Breastfeeding and Dehydration

Welcome to the December Carnival of Breastfeeding! This month the participants listed at the end of this post share their thoughts on “Taking Care of Yourself during the Holidays.” First I share the recommendations for fluid intake, how and at what point dehydration might affect breastfeeding, and the danger of over-hydrating.

glass-of-waterAfter I moved to California I quickly realized how easy it was to become mildly dehydrated in the hot summer months if I didn’t pay attention to getting enough water and other fluids to drink. However, it’s also all too easy for breastfeeding mothers to get dehydrated in the cold months with the dry indoor air from furnace heating. Mothers of newborns in particular need to watch out for early signs of dehydration simply because new mothers can get so busy caring for a newborn that they neglect their own needs.

Recommendations for Fluid Intake for Breastfeeding Mothers

When it comes to fluid intake for breastfeeding mothers, the mantra is “drink to thirst.” That means that a woman should drink enough water to stave off thirst, and not drink in excess of thirst in the mistaken belief that she needs the extra water or that more water will boost her milk supply. How do you know whether you are getting enough? If your urine is pale yellow, then you are getting enough fluids. If your urine is a dark, concentrated yellow, then up your fluid intake. In addition to water, fluids such as milk and juice also count, but keep in mind that fluids with caffeine (tea, coffee, certain colas) can actually have a dehydrating effect. So make sure to balance the types of fluids and get enough water to keep yourself adequately hydrated.

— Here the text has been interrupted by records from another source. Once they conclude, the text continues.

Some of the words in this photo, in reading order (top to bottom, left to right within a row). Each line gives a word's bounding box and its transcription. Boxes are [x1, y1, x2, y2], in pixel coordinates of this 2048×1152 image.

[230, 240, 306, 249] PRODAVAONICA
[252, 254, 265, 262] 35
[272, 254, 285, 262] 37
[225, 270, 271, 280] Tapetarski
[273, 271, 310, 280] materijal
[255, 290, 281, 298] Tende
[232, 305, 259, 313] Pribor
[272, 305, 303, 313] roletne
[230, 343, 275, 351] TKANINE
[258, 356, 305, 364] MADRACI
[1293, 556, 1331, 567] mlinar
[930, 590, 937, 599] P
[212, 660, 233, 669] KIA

How and When Dehydration Might Affect Breastfeeding

The good news is that dehydration would have to reach severe levels before it would even affect milk supply at all. The Breastfeeding Mother’s Guide to Making More Milk says:

A pervasive myth in many cultures is that not drinking enough water causes low milk supply. While it’s true that life-threatening, severe dehydration may cause you body to cut back on milk production, the mild dehydration that most of us operate under does not. An old but still valid study from 1939 reported that nursing mothers who were given one liter less of water a day than was recommended continue to produce plenty of milk.

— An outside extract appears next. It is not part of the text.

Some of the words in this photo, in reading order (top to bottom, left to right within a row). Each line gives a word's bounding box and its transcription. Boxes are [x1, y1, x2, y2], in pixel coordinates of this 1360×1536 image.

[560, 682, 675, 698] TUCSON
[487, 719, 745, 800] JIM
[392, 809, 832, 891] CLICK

So what’s the danger in becoming mildly dehydrated? If the nursing mother (any mother!) gets dehydrated, it can affect her energy level, mood, and ability to care for her nursling. If you find yourself becoming particularly run-down and overwhelmed, it’s a good idea to sit down and have a glass of water and a snack. You might be surprised how that simple step boosts your mood! It can help to keep a glass of water by your bed and your other usual nursing locations. Have easy snacks at the ready too — carrot sticks, raisins, apple slices.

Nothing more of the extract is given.